И он ушел. У него были дела, он даже не подумал заняться со мной любовью. Печальная Джоконда тридцатых годов, Мод, ставшая женщиной в семьдесят четвертом, ты останешься жалким существом, не способным даже возненавидеть то, чем ты занимаешься.
Первая роль у мадам Леа: рабыня.
Богатый клиент. Мод стоит на четвереньках, а Сидони хлещет ее плеткой. Она бьет все сильней и сильней, чтобы богатый клиент получил максимальное удовольствие.
Мне больно. У меня нежное тело, и у меня мало сил. Иначе я бы вышвырнула этого типа в окно. Я красивая страдающая рабыня, целующая ноги своему господину.
Он боится инфекции, поэтому делает все сам. Рабыня имеет право только целовать ему ноги и сносить побои.
«Я принадлежу к низшей расе во веки веков», — говорил Артюр Рембо. Мне кажется, что эти слова относятся ко мне. Моя спина покраснела от ударов, колени болят, и я дрожу от нервного перенапряжения. Мой дебют оказался очень трудным. С первым клиентом я не справилась, и вот почему. Крупный симпатичный мужчина открыл дверь и плачущим голосом произнес: «У меня нет денег». Я должна была тотчас же влепить ему пощечину, но я не знала правил игры.
Итак, я «рабыня». Мне полагается теплая ванна с особым шампунем, который снимает боль. Проходят пятнадцать минут, и господин зовет меня вновь. «Рабыня» должна получить вознаграждение, мне протягивают бокал с шампанским. Но это не шампанское. Господин помочился в бокал рабыни, которая должна это выпить, икая и бросая полные ненависти взгляды на своего мучителя. Он меня укрощает.
Сейчас он уходит в своем костюме бизнесмена, утонченного буржуа, оставляя мне небрежно четыре тысячи франков. Сколько же он заплатил, интересно, Сидони? Десять тысяч? Эта дрянь Сидони с удовольствием изуродовала мне спину, и бокал шампанского — ее идея. Я — новенькая, и поэтому меня удалось провести. Теперь я буду осторожнее. Во всяком случае, попробую. Нельзя допустить, чтобы на мне отыгрывались. Те, кто сумел сопротивляться в доме мадам Леа, покинули его очень быстро.

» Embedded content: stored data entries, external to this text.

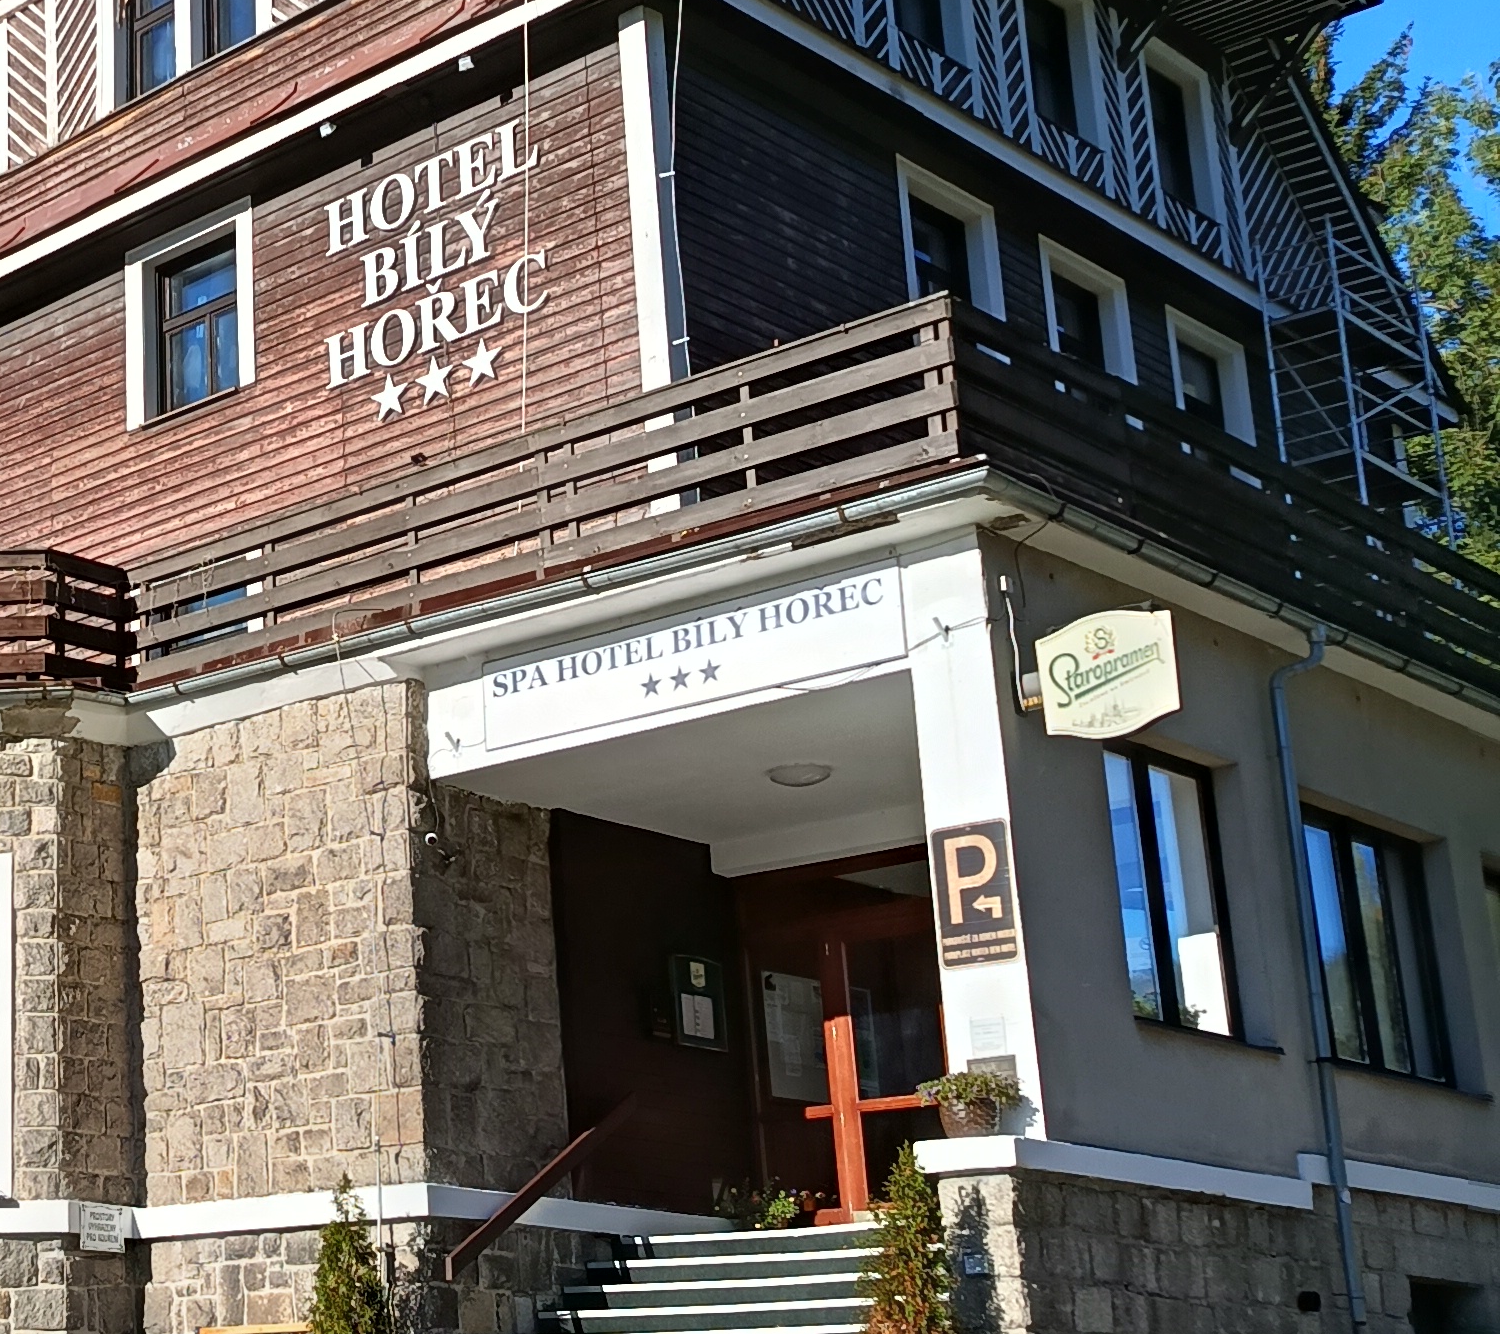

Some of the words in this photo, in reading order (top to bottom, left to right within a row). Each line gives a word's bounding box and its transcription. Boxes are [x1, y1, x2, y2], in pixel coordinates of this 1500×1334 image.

[324, 119, 540, 257] HOTEL
[360, 189, 499, 308] BÍLÝ
[324, 249, 550, 389] HOŘEC
[492, 669, 549, 698] SPA
[555, 636, 664, 683] HOTEL
[670, 605, 750, 654] BÍLÝ
[757, 578, 886, 633] HOŘEC
[1049, 641, 1166, 709] Staropramen
[943, 834, 998, 925] P
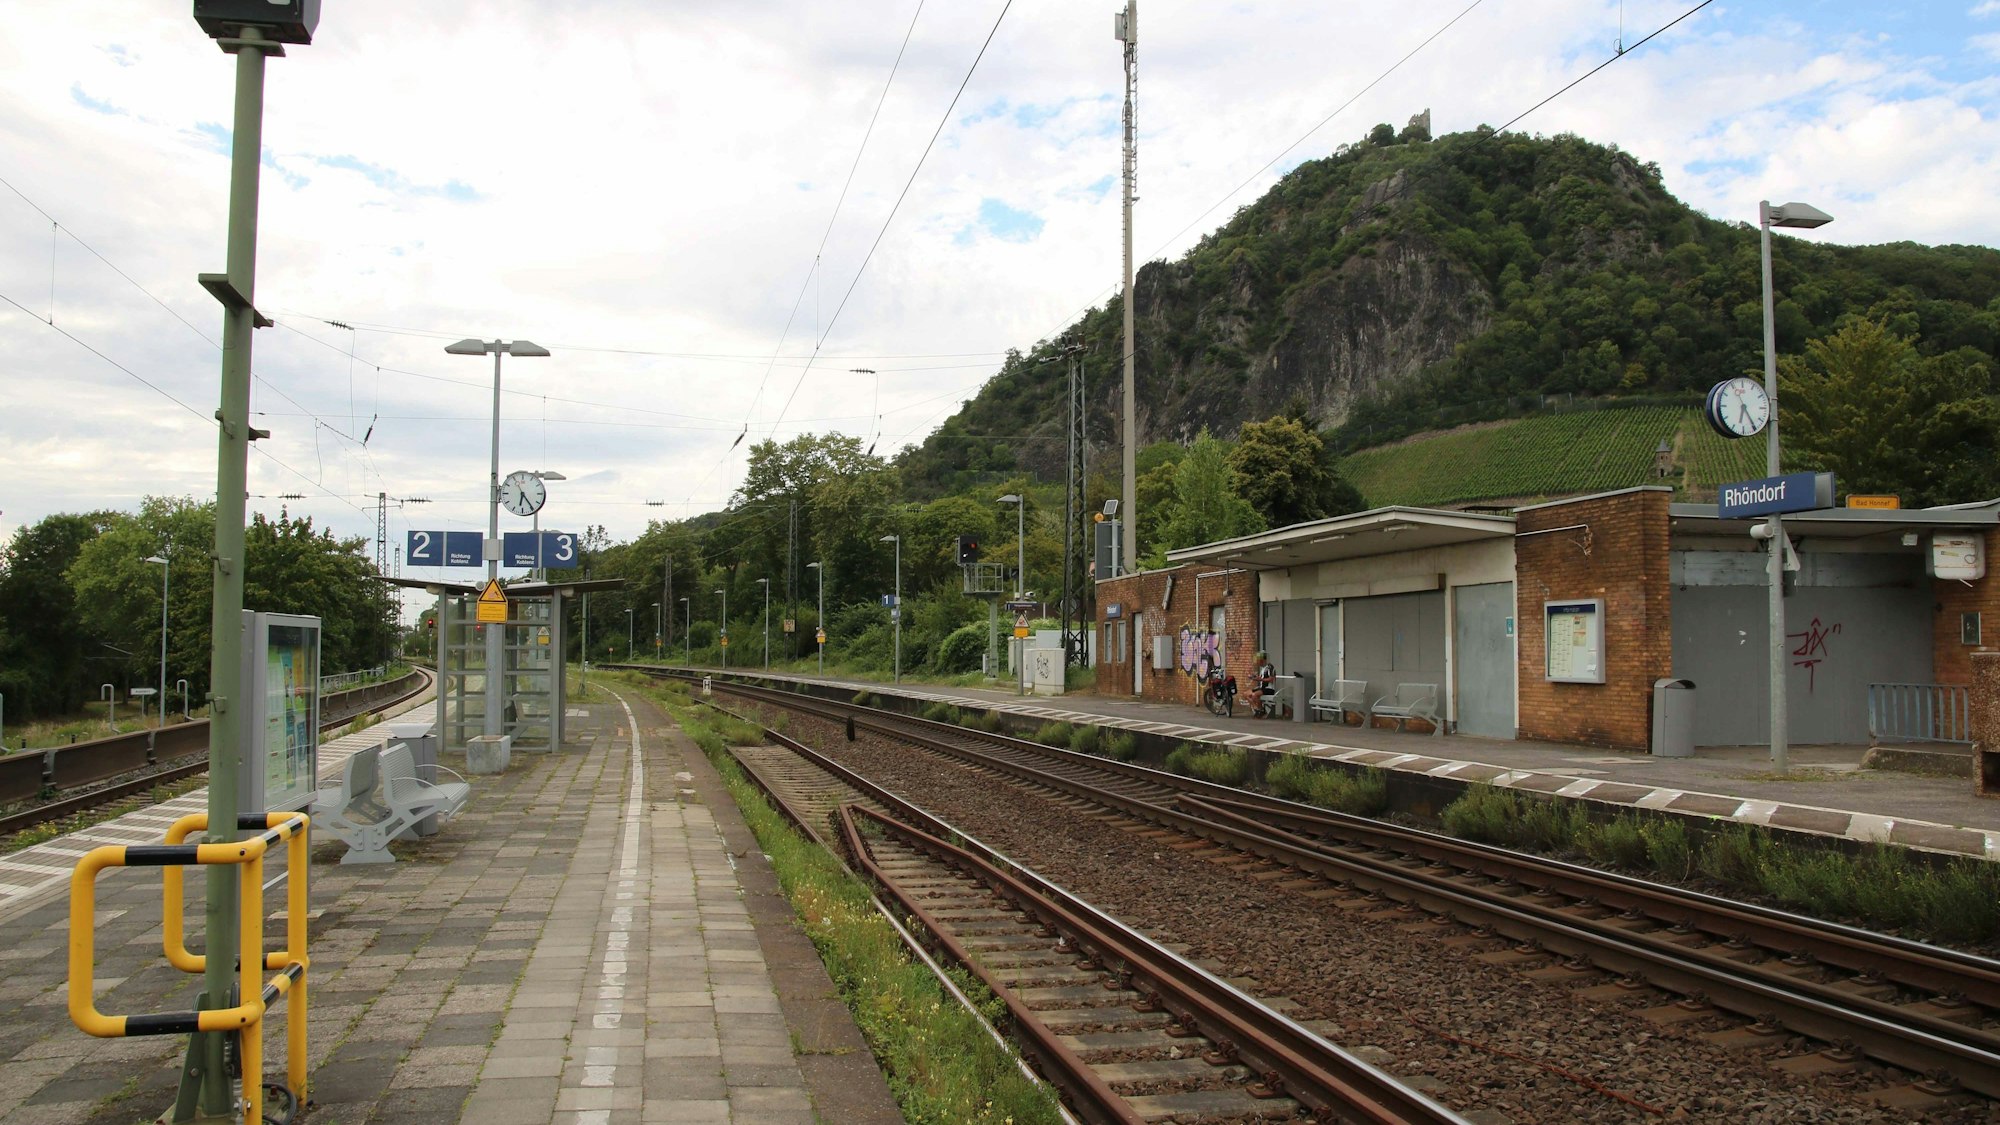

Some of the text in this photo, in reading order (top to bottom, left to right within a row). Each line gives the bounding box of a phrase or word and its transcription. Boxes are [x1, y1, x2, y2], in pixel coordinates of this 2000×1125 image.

В тот день с самого утра мне дали слабительное, надо было удовлетворить одного махозиста, любителя сюрреалистического искусства. Знаток этого дела устроился в ванной комнате, на синтетической подстилке, в ожидании момента, когда из моего тела на него потечет желанная жидкость. Этот рафинированный месье желает, чтобы от него пахло фекалиями. Он хорошо платит за такие игры и их последствия. Я беру деньги и отмываю свое отчаяние.
Ничего этого я не знала, не представляла себе всю глубину отвращения, бесстыдство и смехотворность подобных сцен.